Avant la marche, Libération, toujours à la pointe des mouvements sociaux, annonçait « une Gay pride plus festive que militante ». Distinction idiote, que la rue a, comme chaque année, démenti : 150 000 pédés et lesbiennes qui festoient au grand jour c’est, en soi, politique. Le gouvernement ne s’y est d’ailleurs pas trompé : pour protéger un ordre symbolique déjà bien ébranlé par nos strings, il a censuré une campagne de prévention ciblée qui devait paraître dans la presse le jour même.
Vous n’avez pas pu voir, le 22 juin dans Libération, la campagne de prévention sida initialement prévue par la DGS (Direction générale de la santé) et le CFES (Comité français d’éducation à la santé).
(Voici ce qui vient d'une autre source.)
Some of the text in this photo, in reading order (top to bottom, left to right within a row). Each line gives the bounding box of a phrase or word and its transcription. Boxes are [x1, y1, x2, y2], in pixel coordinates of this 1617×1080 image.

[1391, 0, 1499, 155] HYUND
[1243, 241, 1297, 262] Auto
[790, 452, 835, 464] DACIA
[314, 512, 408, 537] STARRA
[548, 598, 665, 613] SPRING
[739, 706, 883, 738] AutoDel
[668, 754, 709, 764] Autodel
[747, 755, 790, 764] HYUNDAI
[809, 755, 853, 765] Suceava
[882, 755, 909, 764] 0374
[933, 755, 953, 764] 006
Vous ne la verrez pas parce que Lionel Jospin l’a censurée.
Il s’agissait d’une affiche montrant deux hommes s’embrassant, avec pour slogan « il n’y a pas que le sexe dans la vie ». Elle nous avait été présentée par la DGS le 20 mai. Elle devait paraître aujourd’hui dans les pages Gay pride de Libération. Le SIG (Service d’information du Gouvernement, une administration rattachée à Matignon qui avalise les campagnes de communication des différents ministères) a opposé son veto à cette campagne en dernière minute, dix jours avant sa publication. Une réaction d’homophobie instinctive reprise à son compte par le cabinet du Premier ministre, dont l’arbitrage a été sollicité : « l’Etat n’a pas à faire la promotion de l’homosexualité ». Le secrétariat d’Etat à la santé, pourtant signataire de cette campagne, ne veut pas affronter Matignon. La santé publique recule devant l’ordre moral.
Nous savons désormais ce que Lionel Jospin veut dire lorsqu’il évoque « un certain ordre qu’il ne faut pas transgresser ». Il s’agit d’un puritanisme d’Etat identique à celui qui a retardé jusqu’en 1987 les premières campagnes de prévention, la publicité pour les préservatifs et la vente libre de seringues propres, et décimé les minorités.
Aujourd’hui, comme ces prédécesseurs, Lionel Jospin refuse de mener la prévention ciblée en direction des différentes populations et des différentes pratiques qui, seuls, permettrait de descendre sous le seuil des 6 000 contaminations par an.
Aujourd’hui, les masques sont tombés. Si un gouvernement de gauche a peur de montrer des pédés qui s’embrassent un jour de Gay pride, on peut se demander ce que pèsera son engagement à donner des droits à nos couples lorsque les rues seront vides.
Cette affaire n’a pas fini d’embarrasser le gouvernement. Nous avons interpellé Bernard Kouchner sur ce point lors de la conférence de Genève. Un peu troublé (au point de confondre cette campagne de presse avec une campagne TV qui n’a rien à voir), le ministre a dû promettre la parution « prochaine » d’une campagne ciblée dans la presse grand public.